## WHAT TO DO:
Write out all the entries word for word, but skip any images.

-- WORKING DATA follows --

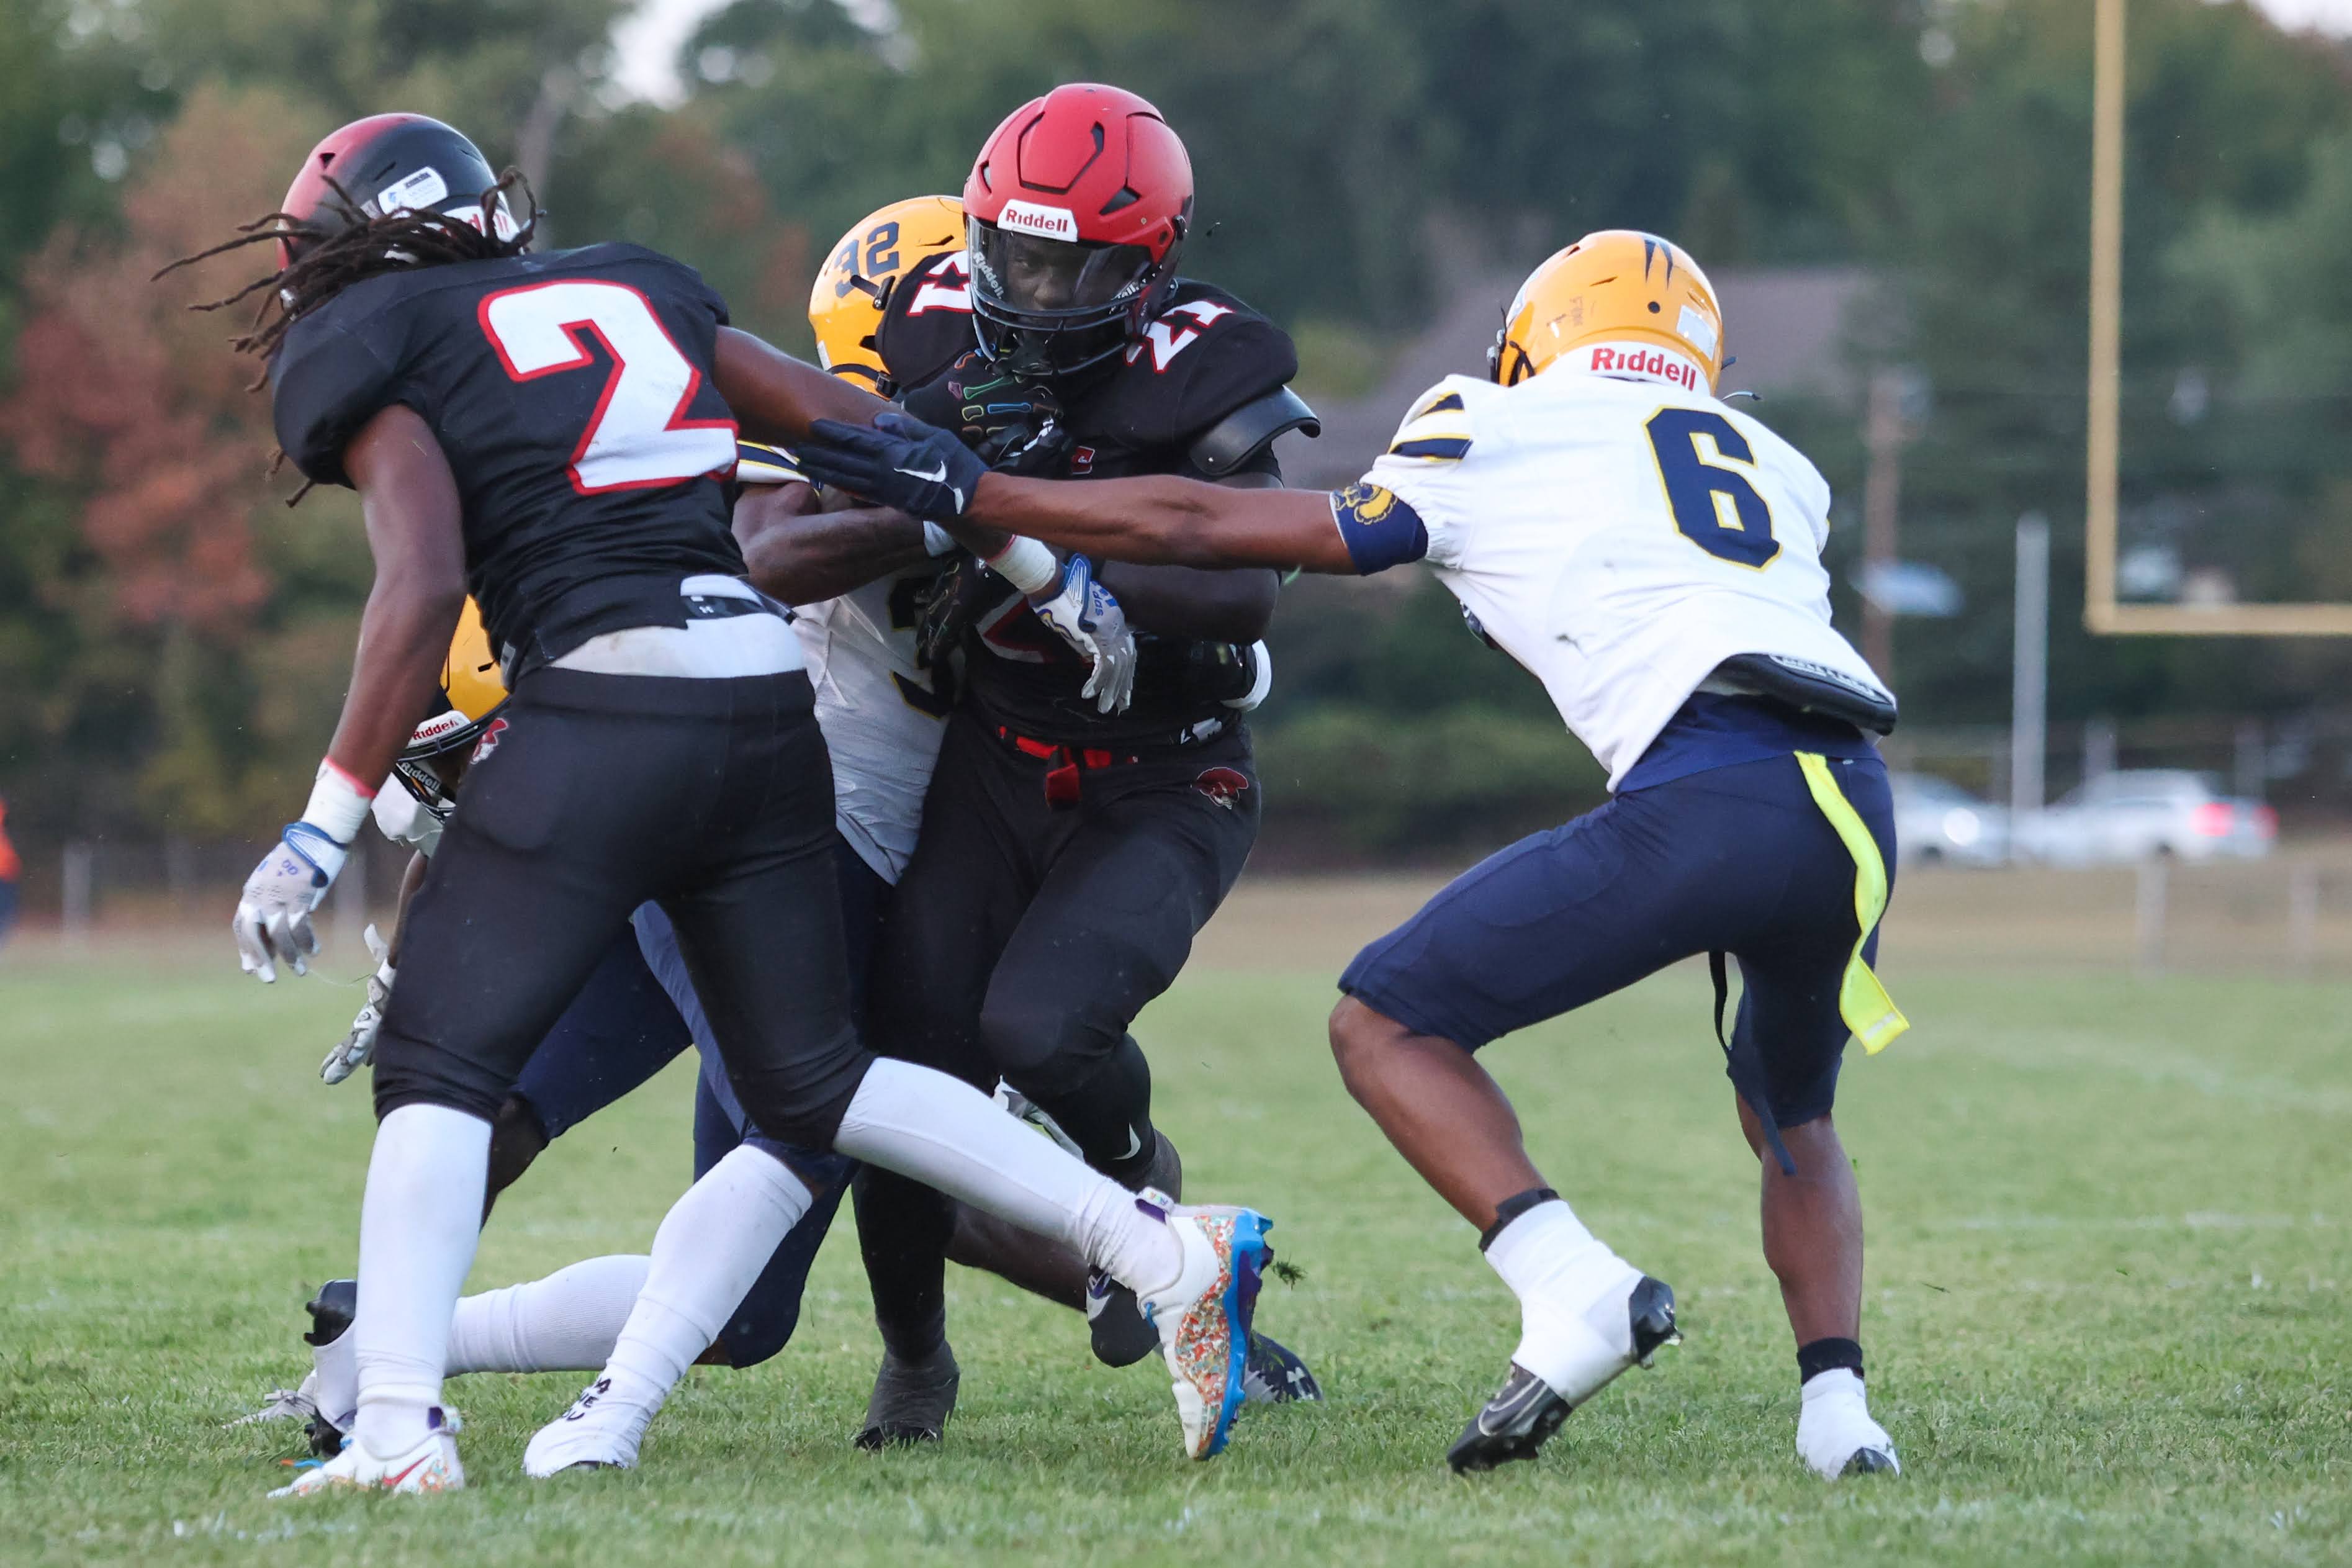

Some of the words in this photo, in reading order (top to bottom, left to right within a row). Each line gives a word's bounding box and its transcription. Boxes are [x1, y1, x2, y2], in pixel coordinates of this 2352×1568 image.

[1005, 209, 1068, 233] Riddell
[478, 279, 739, 495] 2
[1591, 348, 1696, 391] Riddell
[1642, 405, 1783, 573] 6
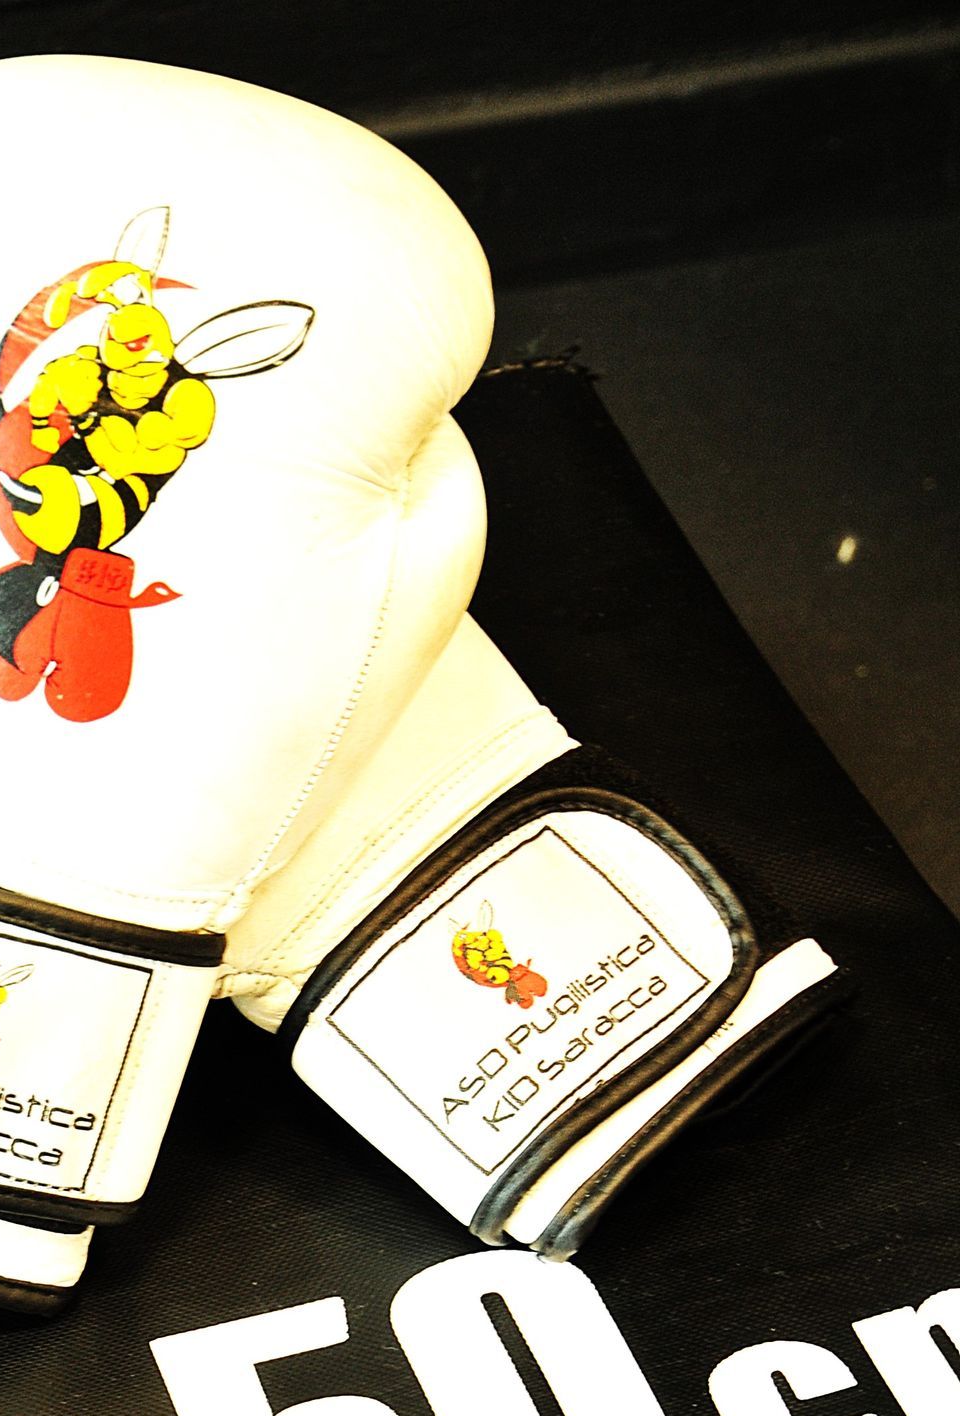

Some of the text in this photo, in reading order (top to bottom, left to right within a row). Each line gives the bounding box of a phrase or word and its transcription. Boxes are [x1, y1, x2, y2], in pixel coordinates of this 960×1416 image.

[442, 933, 657, 1124] ASD Pugilistica
[482, 975, 668, 1132] KID Saracca
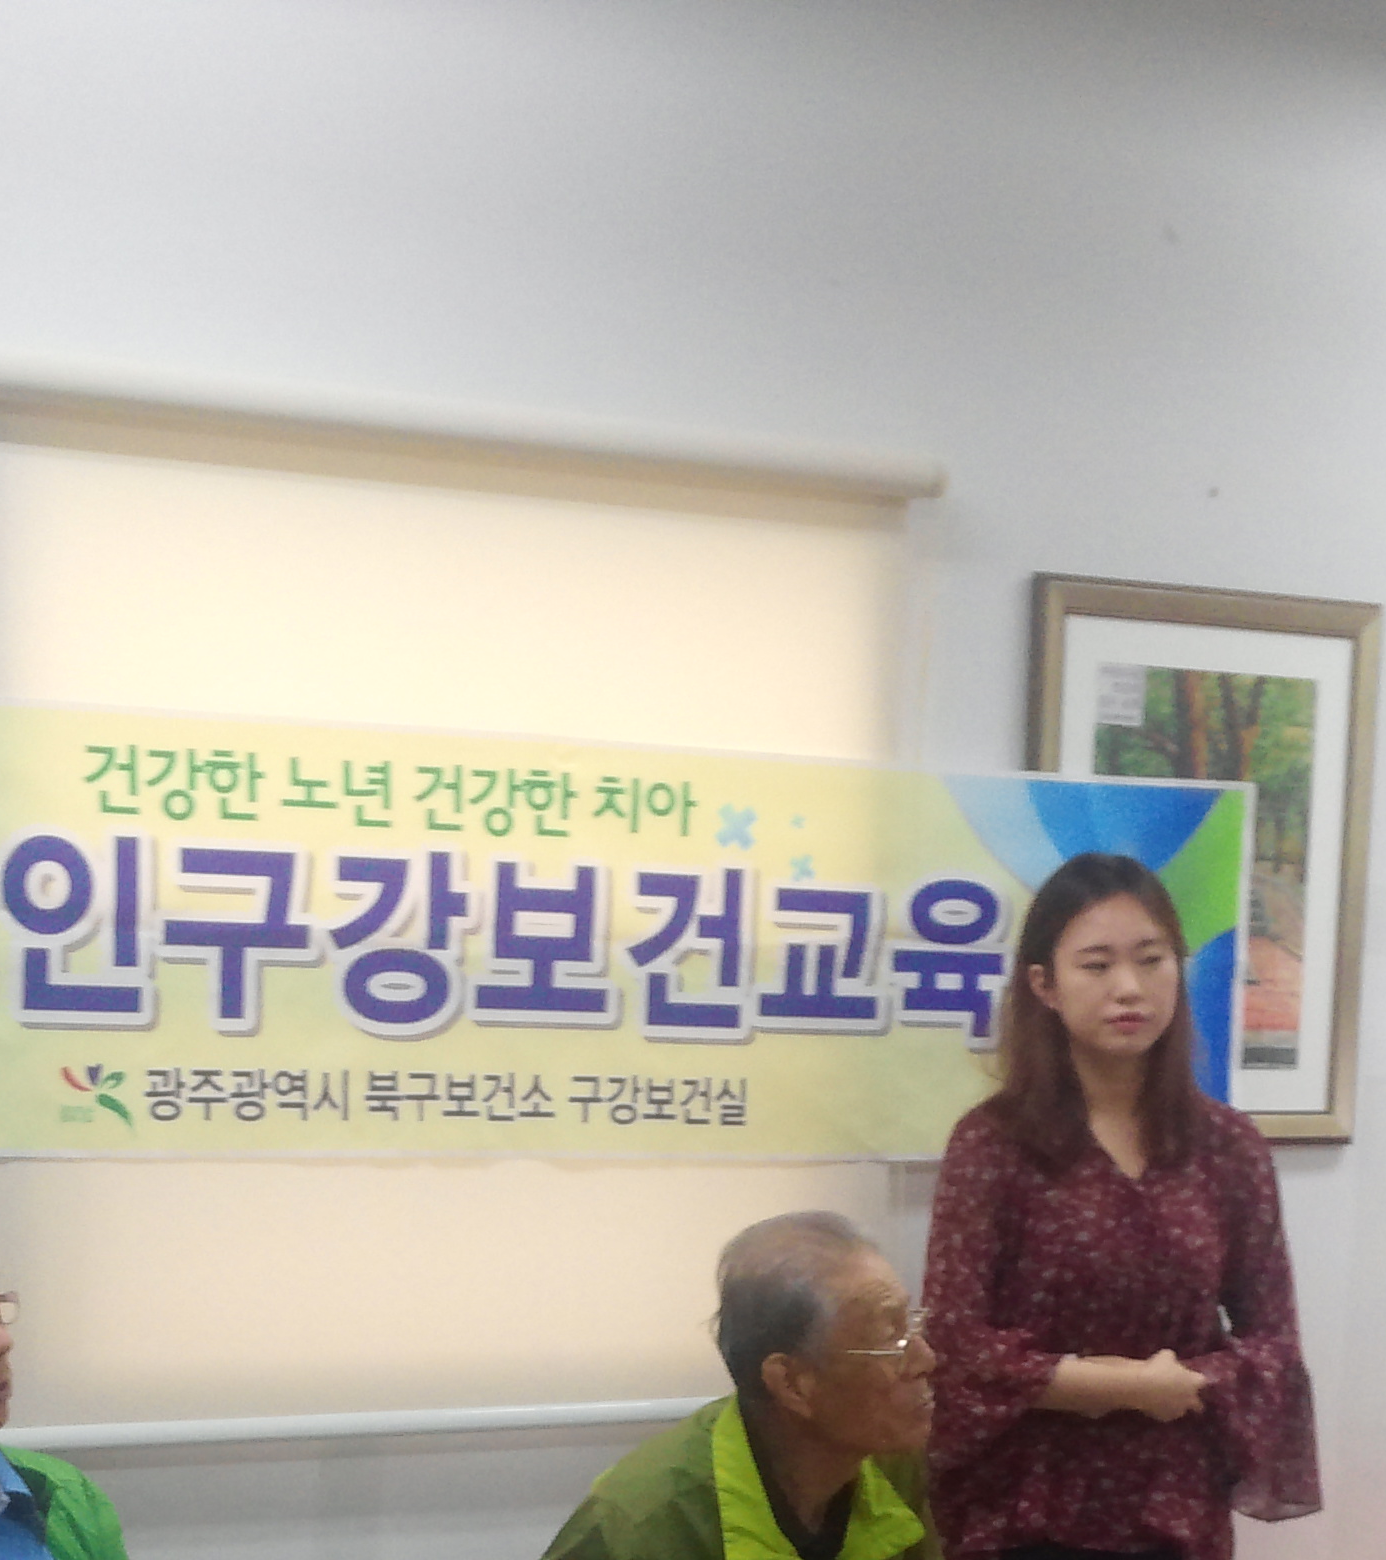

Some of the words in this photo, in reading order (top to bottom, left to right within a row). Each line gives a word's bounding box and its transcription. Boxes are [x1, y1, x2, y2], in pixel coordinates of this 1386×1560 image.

[85, 743, 266, 823] 건강한
[281, 756, 393, 829] 노년
[414, 763, 577, 839] 건강한
[592, 773, 698, 838] 치아
[143, 1066, 351, 1124] 광주광역시
[364, 1069, 557, 1126] 북구보건소
[567, 1073, 748, 1128] 구강보건실

-- WORKING DATA concluded --

## ANSWER AREA:
Some of the words in this photo, in reading order (top to bottom, left to right within a row). Each line gives a word's bounding box and its transcription. Boxes are [x1, y1, x2, y2], in pixel coordinates of this 2352×1568 image.

[1005, 209, 1068, 233] Riddell
[478, 279, 739, 495] 2
[1591, 348, 1696, 391] Riddell
[1642, 405, 1783, 573] 6

Some of the text in this photo, in reading order (top to bottom, left to right within a row). Each line gives the bounding box of a phrase or word and its transcription. Boxes are [x1, y1, x2, y2], in pixel coordinates of this 960×1416 image.

[442, 933, 657, 1124] ASD Pugilistica
[482, 975, 668, 1132] KID Saracca

Some of the words in this photo, in reading order (top to bottom, left to right within a row). Each line gives a word's bounding box and its transcription. Boxes are [x1, y1, x2, y2], in pixel coordinates of this 1386×1560 image.

[85, 743, 266, 823] 건강한
[281, 756, 393, 829] 노년
[414, 763, 577, 839] 건강한
[592, 773, 698, 838] 치아
[143, 1066, 351, 1124] 광주광역시
[364, 1069, 557, 1126] 북구보건소
[567, 1073, 748, 1128] 구강보건실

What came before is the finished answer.